[Collected data]
-*-
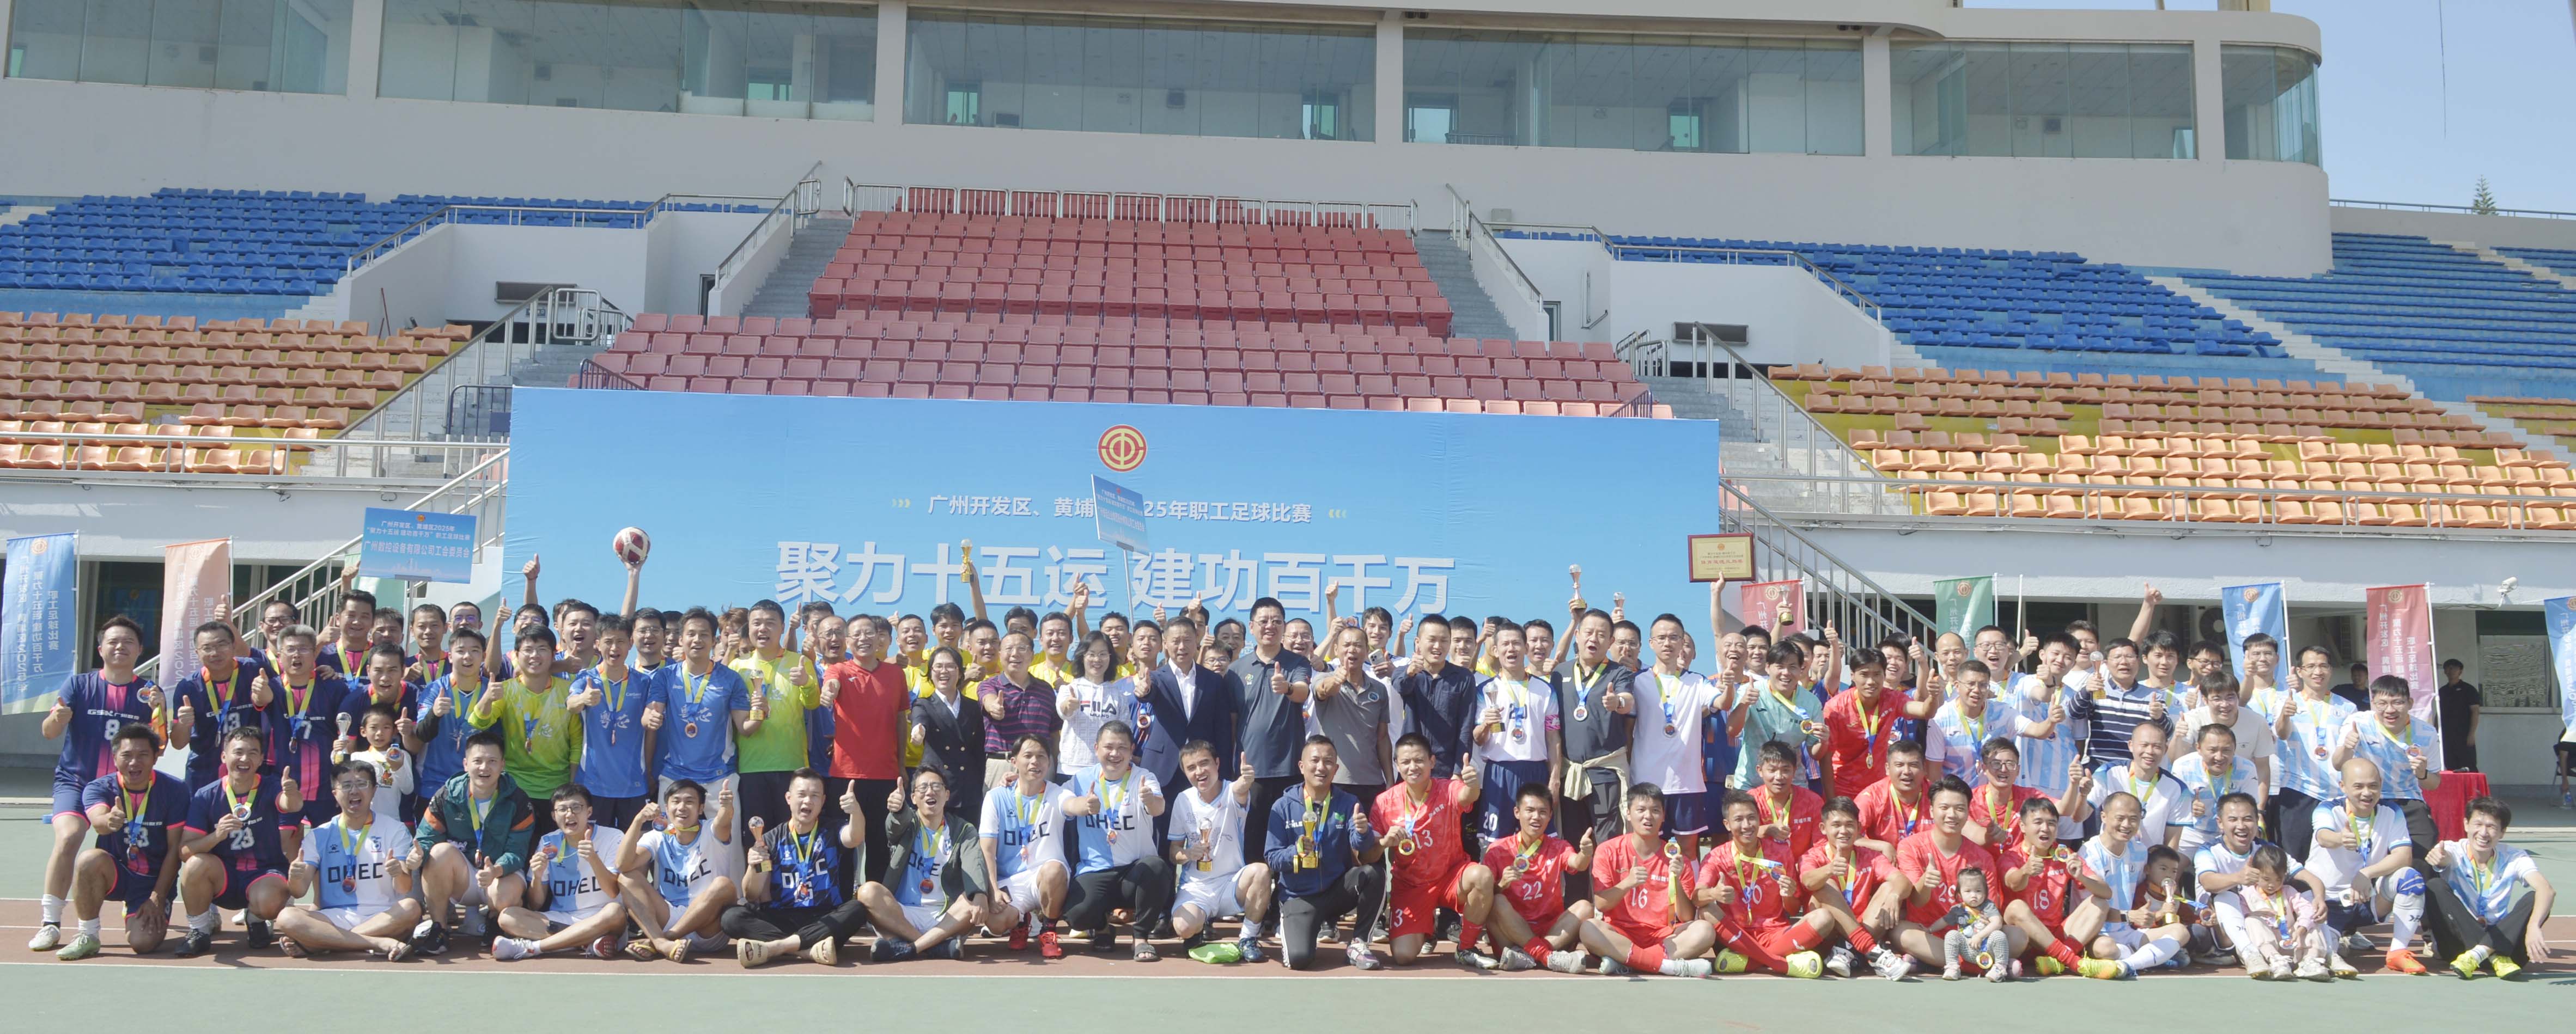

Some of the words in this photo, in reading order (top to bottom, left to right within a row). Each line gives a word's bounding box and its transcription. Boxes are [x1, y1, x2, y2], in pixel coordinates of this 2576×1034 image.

[928, 495, 1311, 523] 广州开发区、黄埔25年职工足球比赛
[775, 541, 1107, 606] 聚力十五运
[1132, 548, 1455, 614] 建功百千万
[1081, 701, 1117, 715] FILA
[105, 719, 120, 741] 8
[1483, 811, 1497, 831] 20
[230, 828, 254, 850] 23
[1412, 830, 1433, 849] 13
[1522, 880, 1543, 901] 22
[1631, 887, 1648, 909] 16
[2033, 890, 2050, 910] 18
-*-
* _ACTIVITY_
The answer should hold every entry exactly as given and no pictures at all.

* _ANSWER TO THIS PROBLEM_
Some of the words in this photo, in reading order (top to bottom, left to right within a row). Each line gives a word's bounding box and its transcription. Boxes are [x1, y1, x2, y2], in pixel coordinates of this 2576×1034 image.

[928, 495, 1311, 523] 广州开发区、黄埔25年职工足球比赛
[775, 541, 1107, 606] 聚力十五运
[1132, 548, 1455, 614] 建功百千万
[1081, 701, 1117, 715] FILA
[105, 719, 120, 741] 8
[1483, 811, 1497, 831] 20
[230, 828, 254, 850] 23
[1412, 830, 1433, 849] 13
[1522, 880, 1543, 901] 22
[1631, 887, 1648, 909] 16
[2033, 890, 2050, 910] 18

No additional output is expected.